The death certificate provides pertinent identifying information about a deceased individual including their certified time, place, and cause of death. Most often, the death certificate serves as proof for legal purposes. These purposes range from estate settlement after a death to if a widow wishes to remarry.

It is the decedent’s assets that will determine the number of death certificates that will be needed. An average of 6 to 10 death certificates could be needed, with most emphasis on 10, according to web sources. At Bradbury Memorial Center, we simply pass along the state’s death certificate costs, which are $20/each.

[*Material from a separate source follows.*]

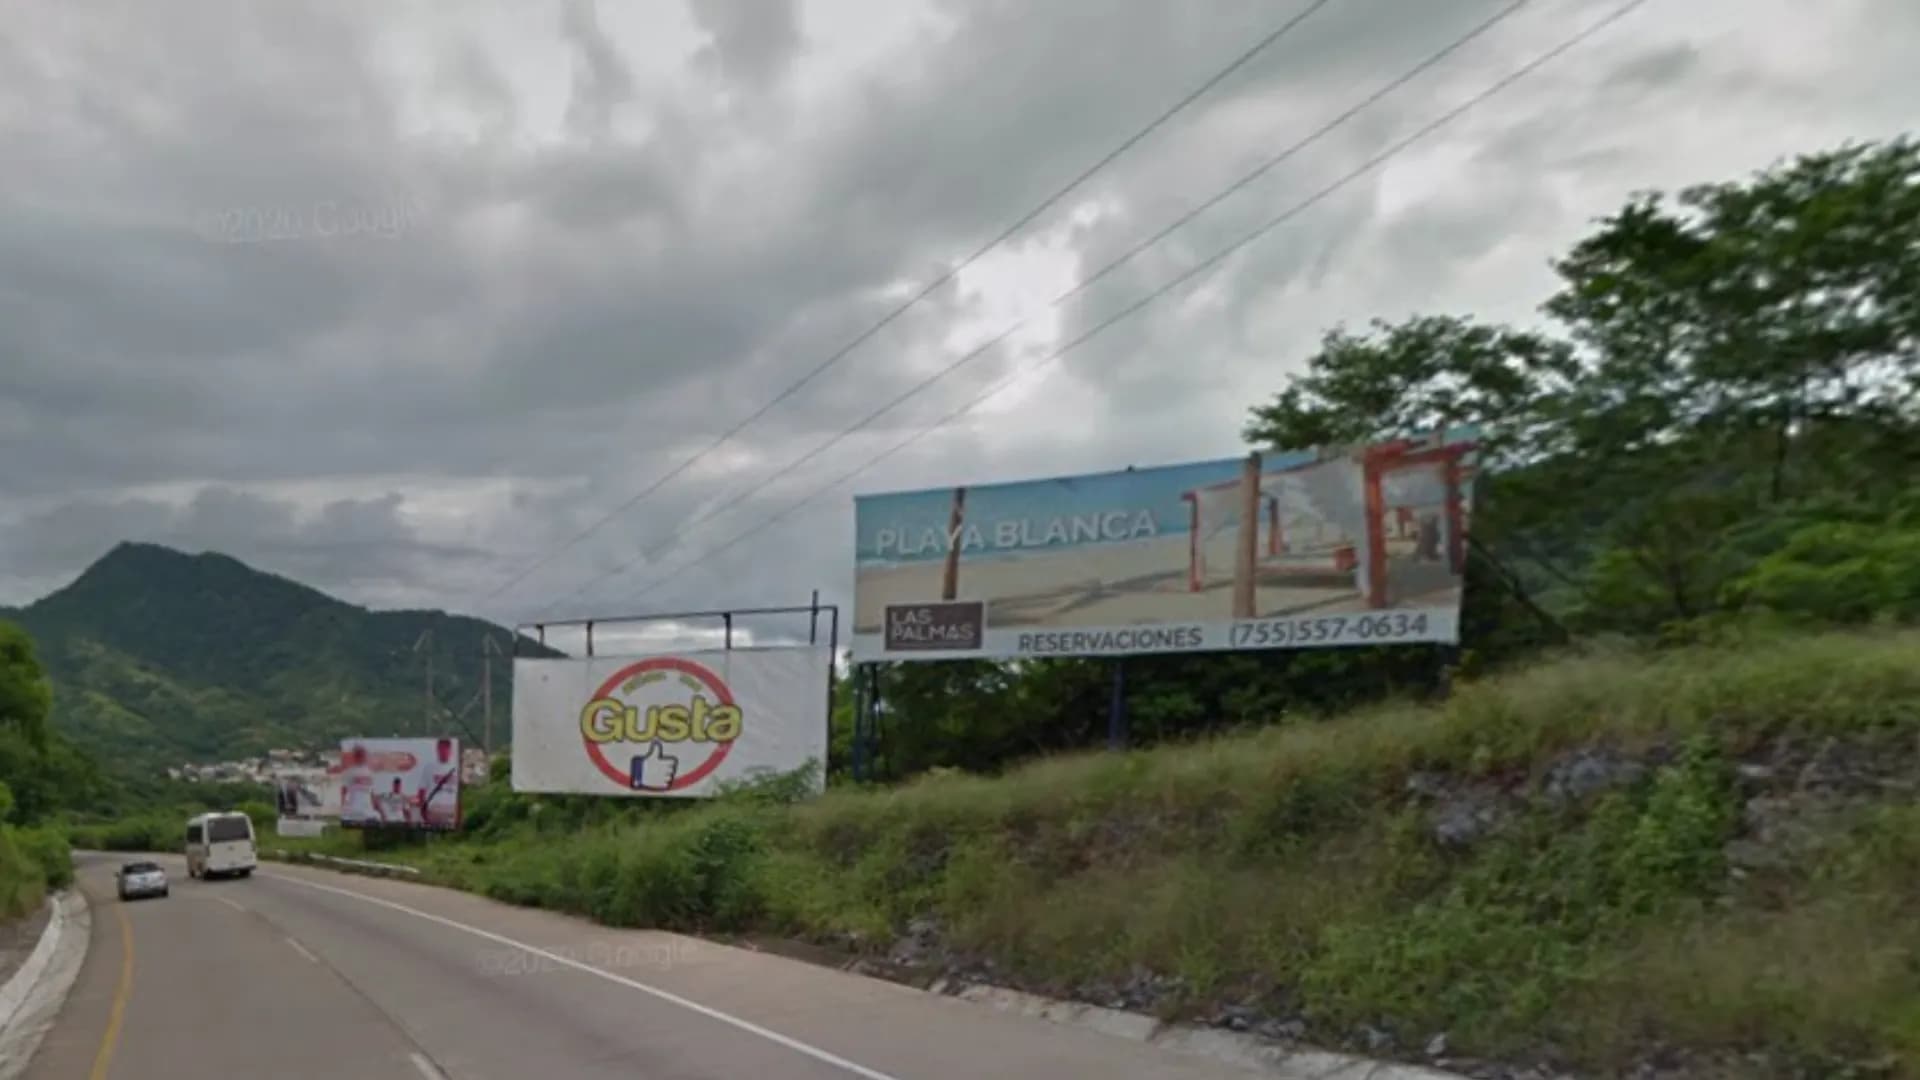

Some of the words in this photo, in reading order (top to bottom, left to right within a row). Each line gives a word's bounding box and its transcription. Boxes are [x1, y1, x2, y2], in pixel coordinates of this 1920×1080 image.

Typically, when a death record has been completed and filed, the death certificates can be ordered. On average, the death certificates can arrive within 6 to 10 days after ordering. However, in some counties, the process can take as long as a month. Notably, the death record/death certificate process overall can be delayed for cases pending autopsy results, toxicology results, or anything else required to determine an individual’s cause of death.

A death certificate will be required to access a deceased person’s bank account. Unless you are the other person named on a joint account, it is illegal to withdraw money from an open bank account of someone who has died before the next of kin notifies the bank of the death and has been granted probate. This is the case even if there is a need to access the bank account to pay for the funeral or funeral home services.

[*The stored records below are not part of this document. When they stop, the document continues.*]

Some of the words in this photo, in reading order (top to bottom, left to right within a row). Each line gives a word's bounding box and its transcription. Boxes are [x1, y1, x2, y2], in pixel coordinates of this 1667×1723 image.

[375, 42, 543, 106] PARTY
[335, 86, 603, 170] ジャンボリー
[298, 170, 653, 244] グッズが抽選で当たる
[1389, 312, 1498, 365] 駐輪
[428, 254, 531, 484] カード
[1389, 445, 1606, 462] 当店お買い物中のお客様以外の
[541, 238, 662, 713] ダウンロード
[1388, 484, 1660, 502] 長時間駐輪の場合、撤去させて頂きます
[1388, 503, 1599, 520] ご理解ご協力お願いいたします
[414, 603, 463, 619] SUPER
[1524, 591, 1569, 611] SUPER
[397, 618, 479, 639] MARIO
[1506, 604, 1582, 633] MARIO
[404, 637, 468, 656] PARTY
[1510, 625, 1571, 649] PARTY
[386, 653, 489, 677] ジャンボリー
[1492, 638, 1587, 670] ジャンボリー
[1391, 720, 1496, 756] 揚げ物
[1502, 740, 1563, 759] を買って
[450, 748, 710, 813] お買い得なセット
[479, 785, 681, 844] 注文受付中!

Accounts types that usually require a death certificate:

Property/land transfers, or property tax payments

Real estate (if it is held in survivorship, in a trust, or with a transfer-on-death designation)

Vehicles such as cars, trucks, boats, motorhomes, etc.

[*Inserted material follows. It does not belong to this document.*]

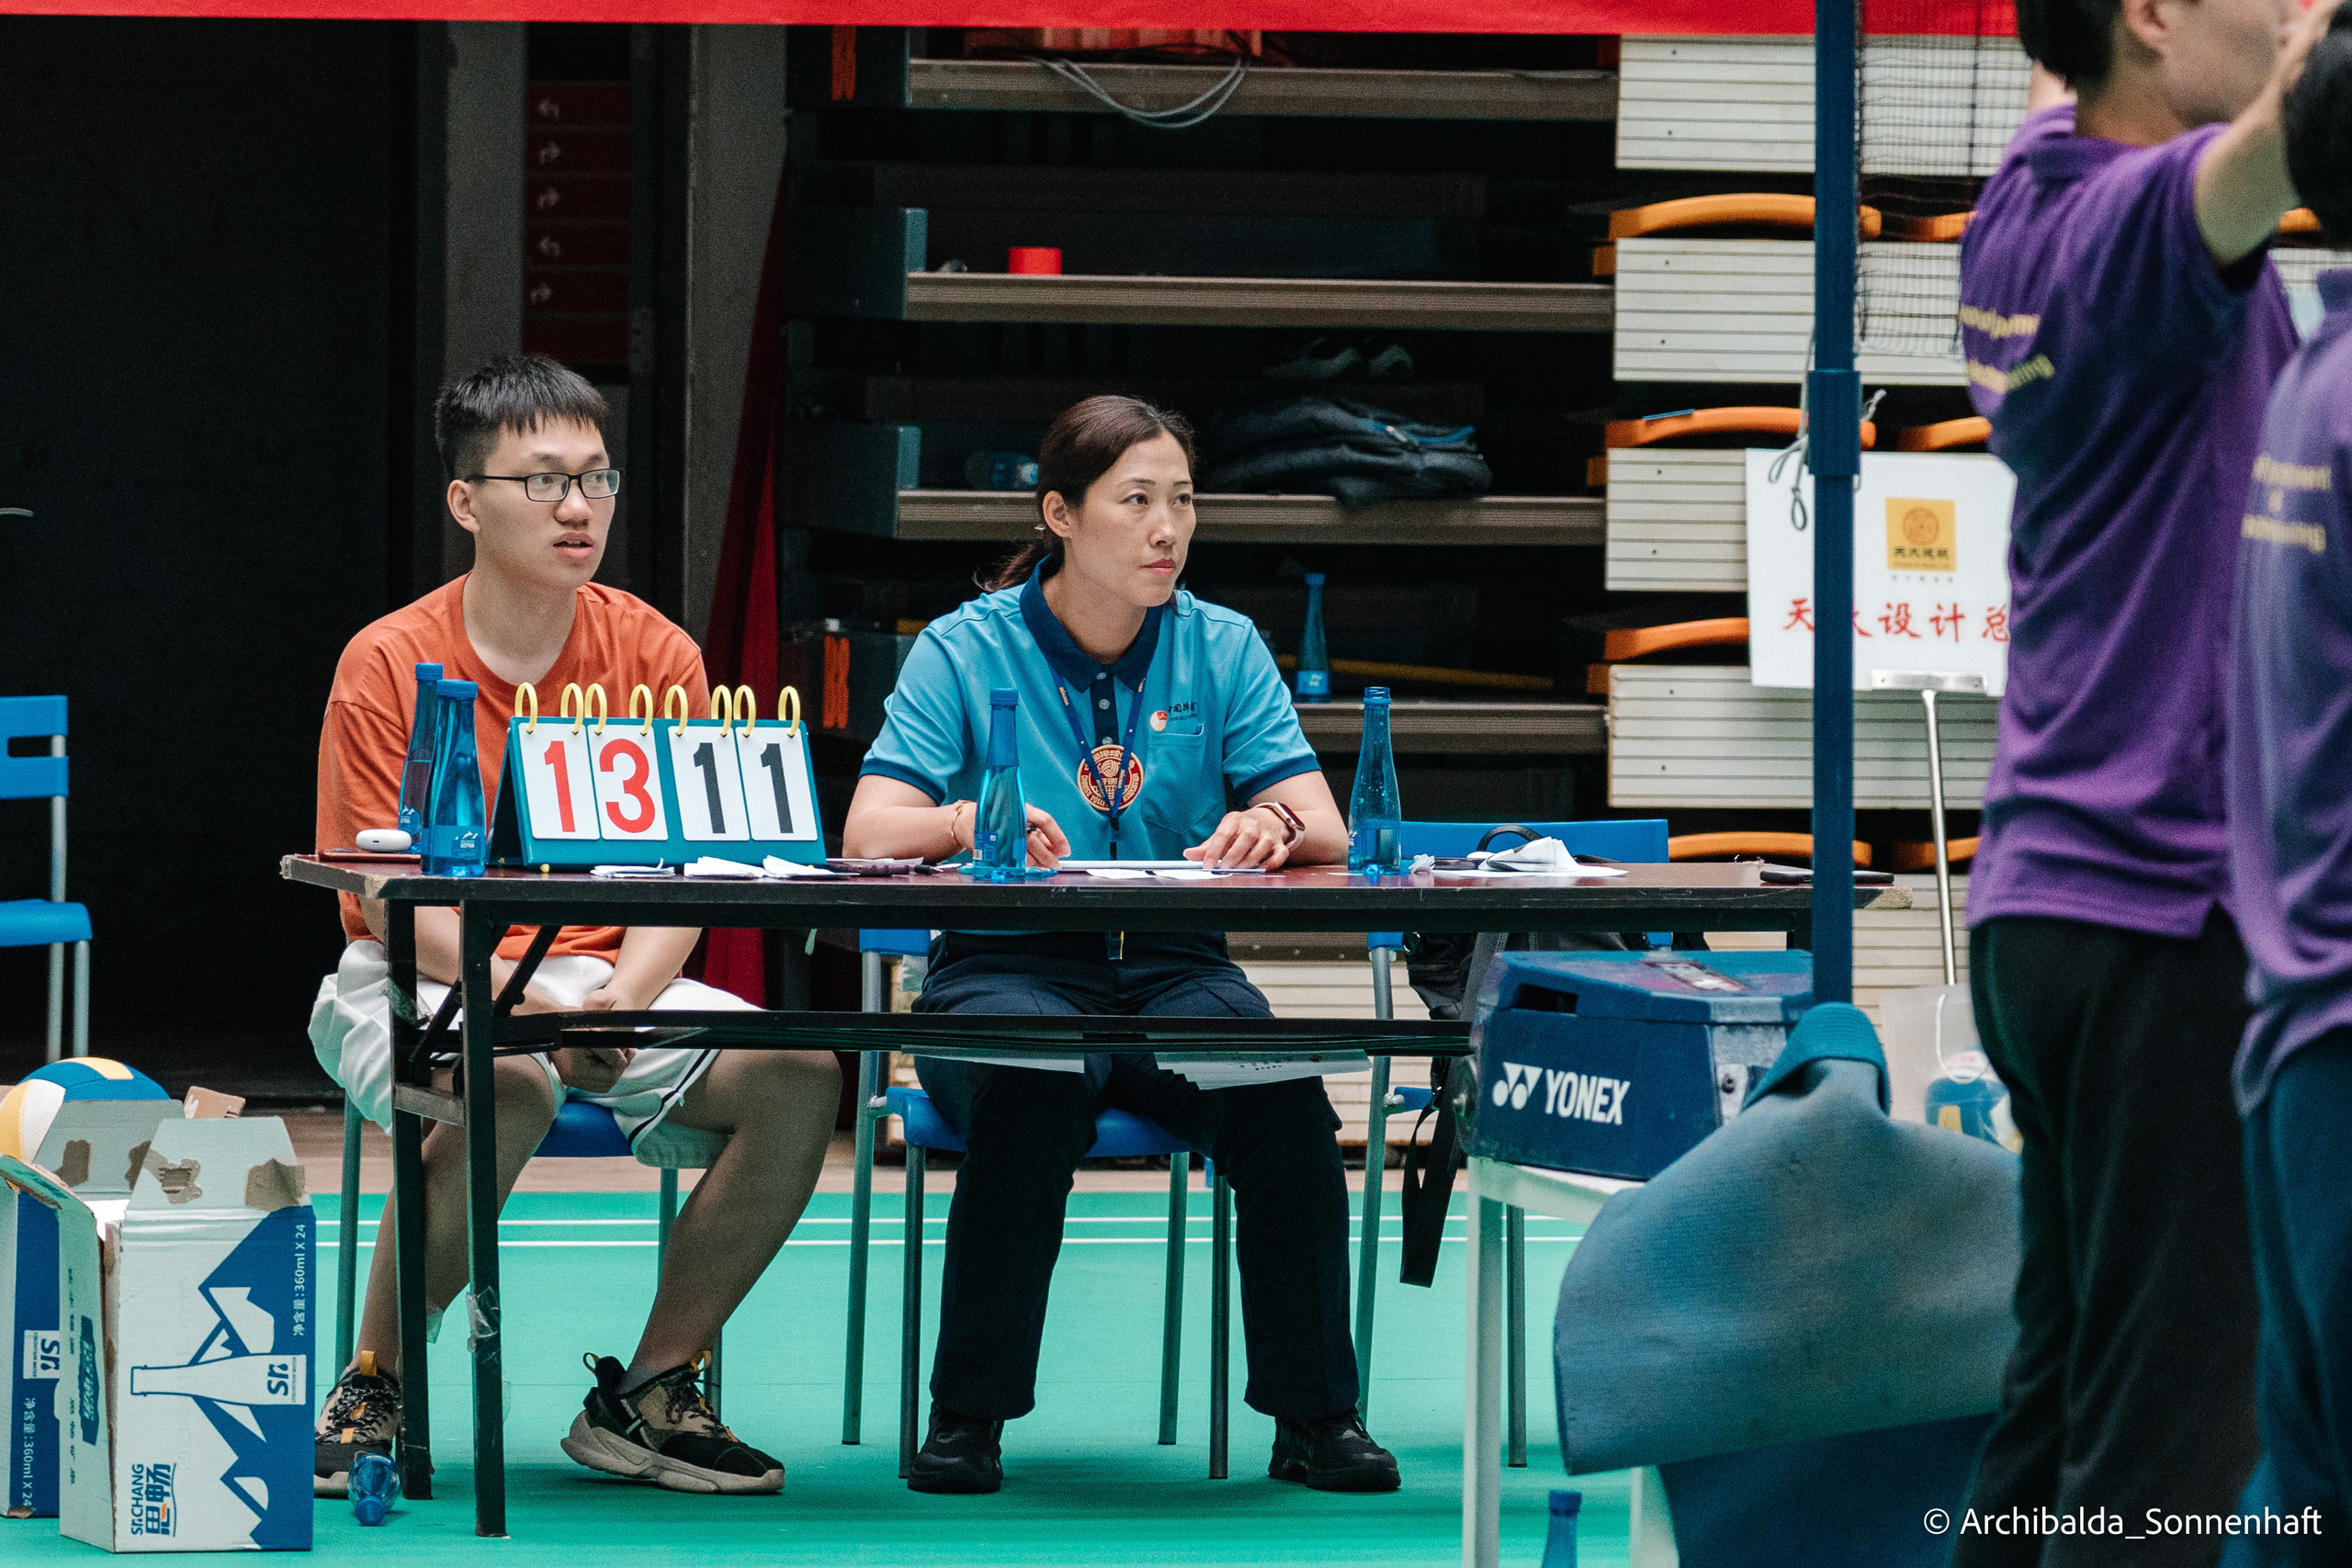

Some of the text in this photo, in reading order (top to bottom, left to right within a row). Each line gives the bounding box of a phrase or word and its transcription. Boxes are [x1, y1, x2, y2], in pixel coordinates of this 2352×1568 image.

Anything else with titles or deeds

Bank Accounts

Safety deposit boxes

Credit card accounts

Death benefits from employers, pension programs, social security, etc.

U.S. military veterans’ survivor benefits

Insurance policies

Life insurance

Preneed insurance

AD&D Insurance – Accidental Death and Dismemberment Insurance

Home and automobile insurance




Mutual funds

ETFs – exchange-traded funds

Savings bonds


IRAs – Individual Retirement Account

401(k)s and employer death benefits

The legalities involved:

(According to Arizona Administrative Code R9-19-314 and R9-19-315)

Arizona is a “closed record” state. This means vital records, such as the death certificate, are not public record. The confidentiality of citizens is protected under Arizona law and its restrictions on the public’s access of vital records. A person must be 18 years of age or older and an eligible recipient, to obtain a certified copy of a death certificate. A certified copy of a death certificate issued by Vital Records will have a raised seal, will show the signature of the local Registrar, and will be printed on security paper.

Eligible recipients include a funeral director representing final disposition; next of kin including a surviving spouse, parent or grandparent, adult child, grandchild, or sibling; or another person deemed responsible for final disposition of the deceased; or a person with Power of Attorney for the decedent (granted the POA agreement specifies “through final disposition”).

This also includes executors, beneficiaries, a person named in a court order, a person authorized by an eligible person, insurance companies or financial institutions, hospitals, healthcare institutions, a person with a court order having a claim against the deceased individual’s estate, an attorney representing an eligible person, a consulate or foreign government by request and government agency by request.

Funeral directors responsible for final disposition of the deceased person in question are eligible to order death certificates for one year following an individual’s death. In Arizona, eligible persons may order online directly from the Arizona Department of Health Services.

In Mohave County, death certificates also may be ordered by eligible persons from the county’s Department of Public Health.

Processing and postage fees do apply and are set by each of those entities. Please visit each of those department’s websites for further information.